Higanbana! In the continuous heat and humidity of Tokyo, how did they know that autumn is just around the corner?
Higanbana - Lycoris radiata - is a member of the amaryllis family, and often known as spider lily.
Higan is the word for the autumnal equinox in Japan, which is a national holiday.
When I returned from our former house in Suginami, I brought with me from that large garden, a number of bulbs with little room for planting them all. I took the leftover bulbs and planted them around the neighborhood, these are some that have thrived and multiplied over the years. (in the raised bed of an apartment building two houses away.)
I also planted some in a neighbor's weed garden. It is an area between their house and the street surrounded by a low cement wall about one foot high and maybe a yard wide, with a fence on the house side. Mostly what grows there is weeds and maybe one or two small bushes randomly placed.
As far as I can tell, those neighbors do not pay much attention to that plot, maybe pulling out the weeds one day a year when they get too tall. Therefore, I was rather surprised that when the spider lily bulbs I had planted sprang up beautifully at the back corner of the plot, they were all pulled out within a few days from the time they opened.
Since then, I have seen other bulbs in the park being pulled out and learned some new things about that plant. Often, in Japan, that lovely flower is called "flower of the dead". When it blooms in autumn like violently shed blood, rising straight out of the ground, it is time to get serious about ghosts that haunt winter nights.
Higan translates to "other shore" ... land of the dead. It is the day to visit family graves and pray for the well-being of departed souls ... and take care of unruly, potentially vengeful souls of ancestors.
I am not so sure about how Japanese think of ghosts, but I remember my neighbor going out in winter and cutting all the swaying branches off a weeping willow across the street.
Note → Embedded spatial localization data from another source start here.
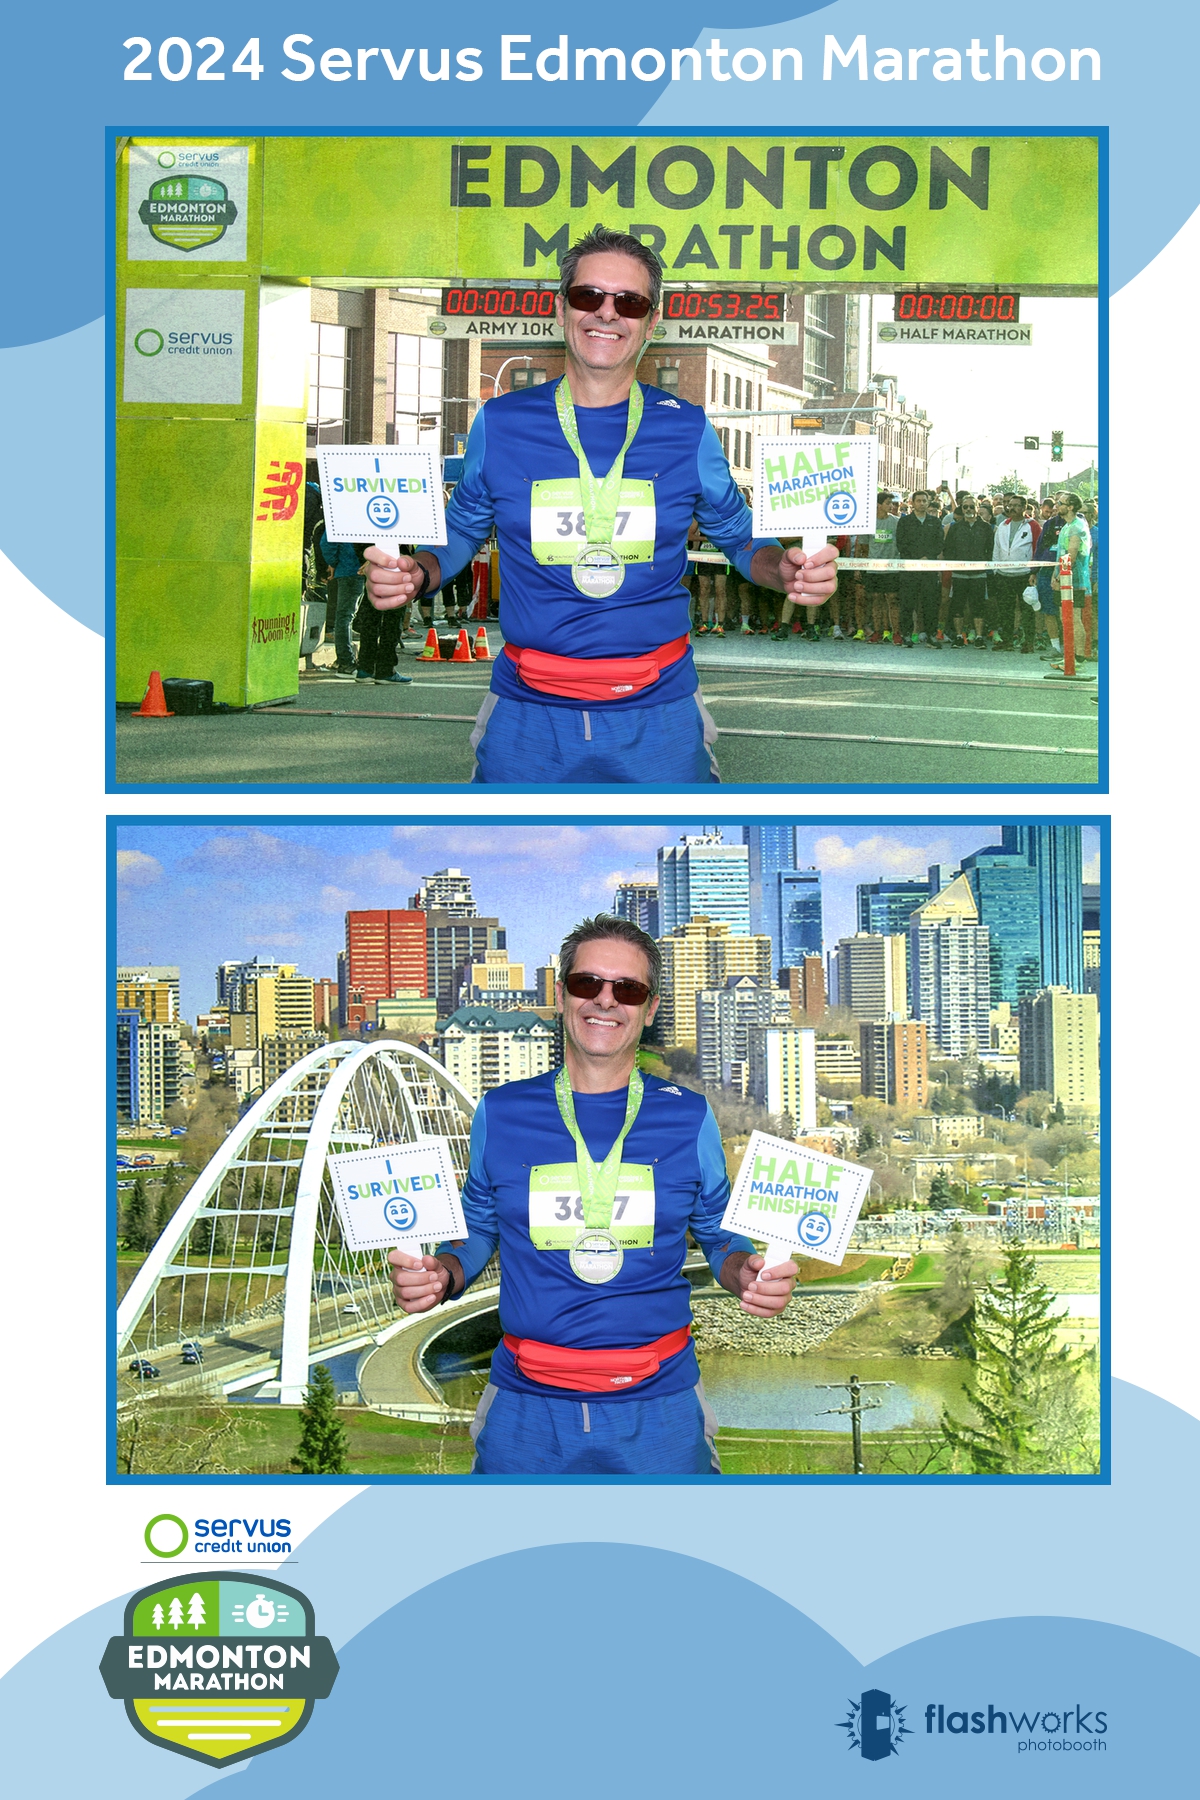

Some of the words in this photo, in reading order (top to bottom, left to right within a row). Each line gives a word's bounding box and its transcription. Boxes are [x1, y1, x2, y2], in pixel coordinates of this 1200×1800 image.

[178, 152, 219, 161] servus
[450, 144, 990, 212] EDMONTON
[149, 202, 227, 214] EDMONTON
[160, 214, 215, 222] MARATHON
[523, 222, 906, 272] MRATHON
[466, 321, 517, 335] ARMY
[522, 322, 554, 336] 10K
[679, 325, 784, 340] MARATHON
[900, 327, 939, 340] HALF
[943, 328, 1030, 341] MARATHON
[168, 332, 233, 345] servus
[168, 345, 199, 355] credit
[203, 346, 232, 355] union
[374, 458, 380, 473] I
[764, 441, 850, 483] HALF
[333, 477, 427, 493] SURVIVED!
[768, 466, 854, 496] MARATHON
[385, 1160, 392, 1175] I
[752, 1155, 843, 1189] HALF
[348, 1173, 441, 1200] SURVIVED!
[750, 1181, 839, 1203] MARATHON
When I asked her why, she said it looked like an obake or ghost. I also remember her pulling out wisteria vines, saying if they are planted in your garden they will strangle the owner to death.
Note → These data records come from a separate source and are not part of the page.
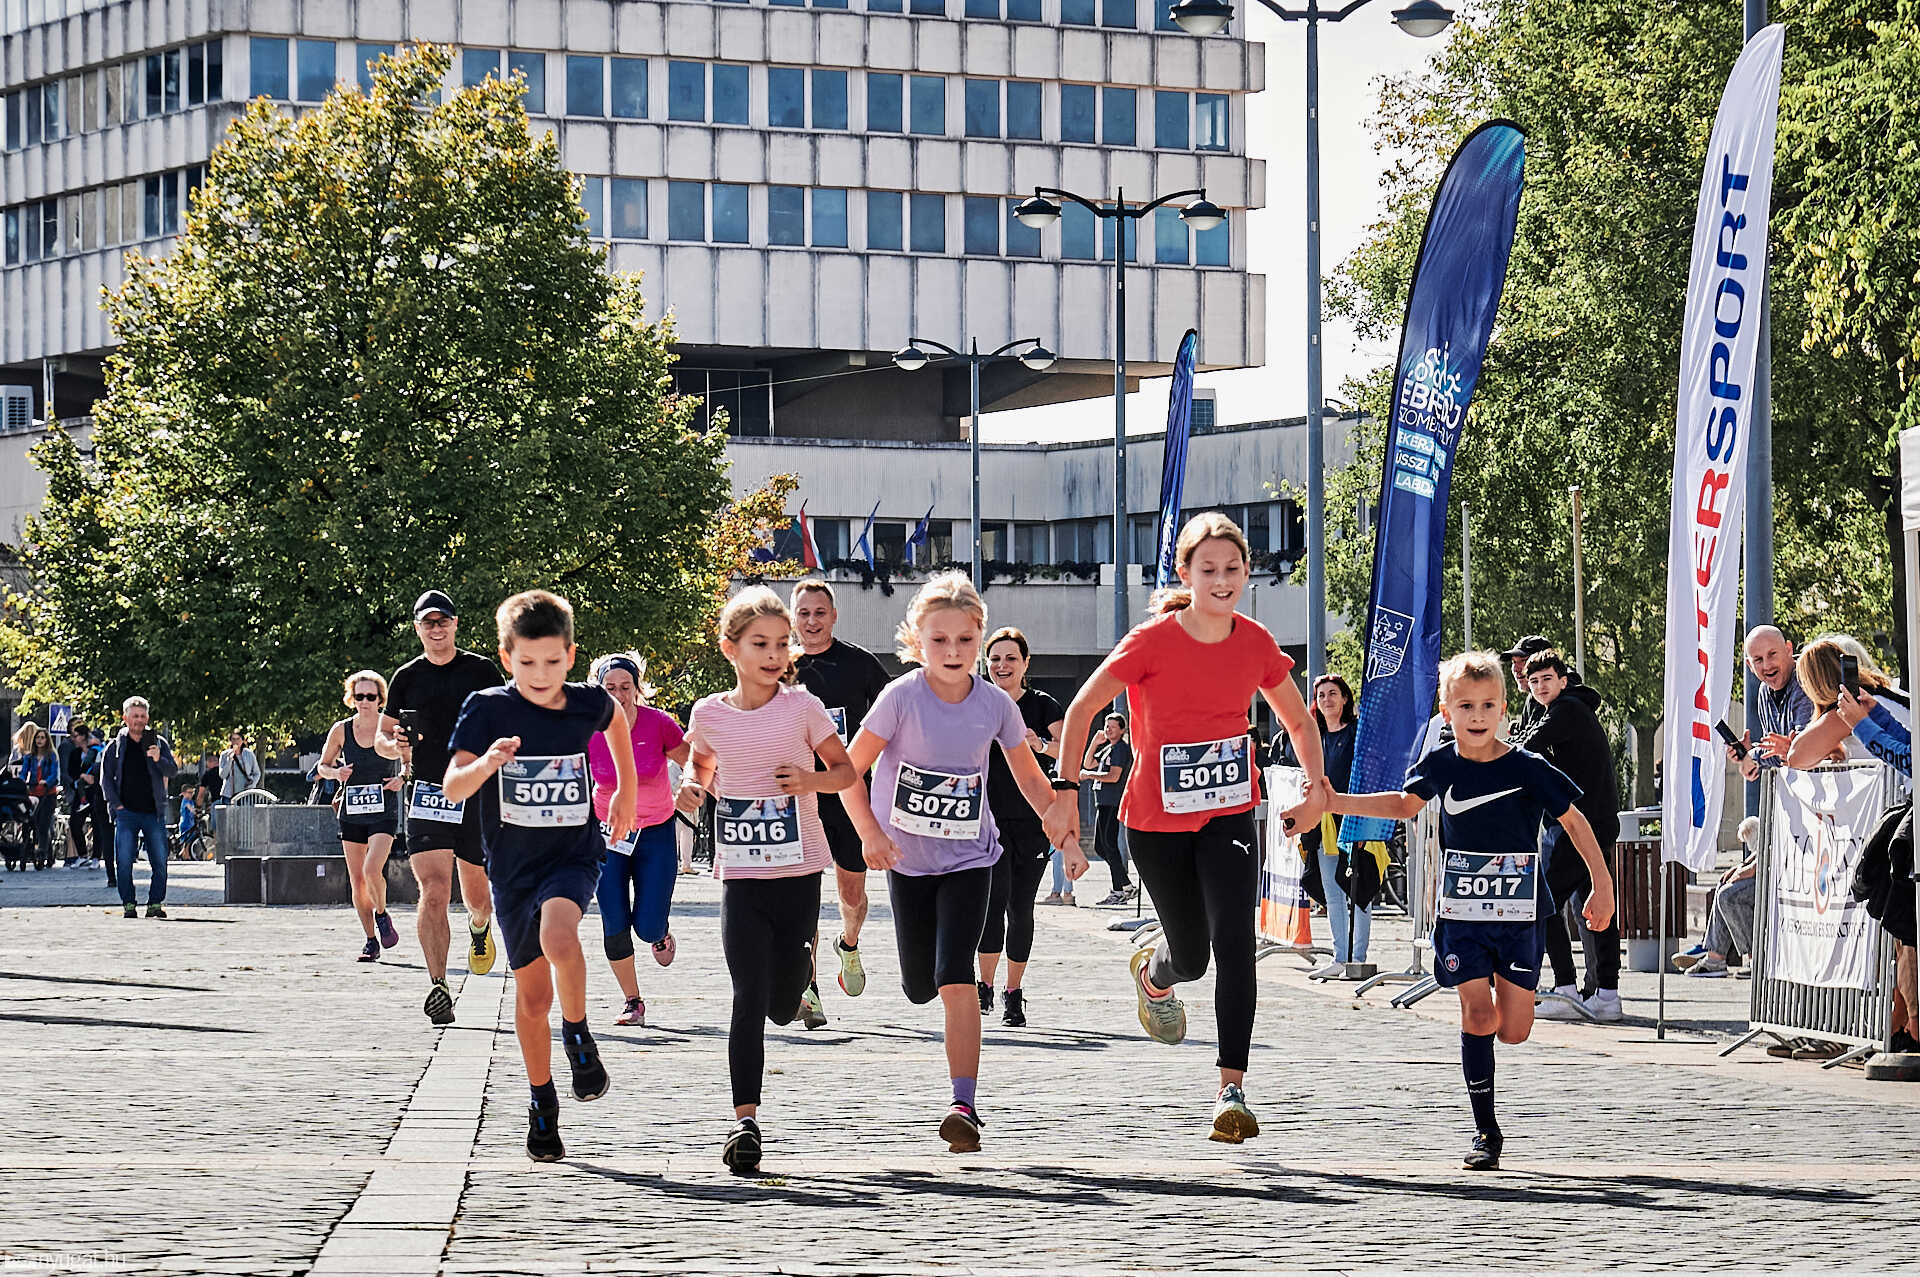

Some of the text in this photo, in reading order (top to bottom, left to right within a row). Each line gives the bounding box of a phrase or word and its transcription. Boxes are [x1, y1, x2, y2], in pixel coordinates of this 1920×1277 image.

[1691, 153, 1750, 742] INTERSPORT
[1178, 762, 1239, 789] 5019
[352, 795, 378, 805] 5112
[514, 781, 580, 803] 5076
[907, 792, 971, 818] 5078
[724, 821, 786, 842] 5016
[1456, 876, 1522, 896] 5017
The higan holiday is still 8 days away.
Others along the west side have yet to break the soil, but they do get less sun there.
Perhaps, like the gardenias, they burst into bloom when the length of dark and light become close to the same.
The leaves will not appear until much later after the blossoms are finished.
The bulbs are poisonous and are thought to keep hole-digging vermin like moles and mice at bay.
Now, as I contemplate these traditions, I wonder about the arrival of halloween. Hardly even heard off 55 years ago, it has now been so embraced by communities, that the shops began to display halloween decorations out in front on the last day of august. There are even costumes you can buy for your dog! There is a grand parade through the streets in front of my church. And young people in Japan really seem to like costumes and dressing up. I wonder how my older neighbors feel about embracing witches and ghosts and skeletons ... and things that go bump in the night.
Hopefully, the rain falling now will bring some much needed cooler weather and not just more humidity, and I can get back to my quilting projects ... maybe something to show other than what nature has produced.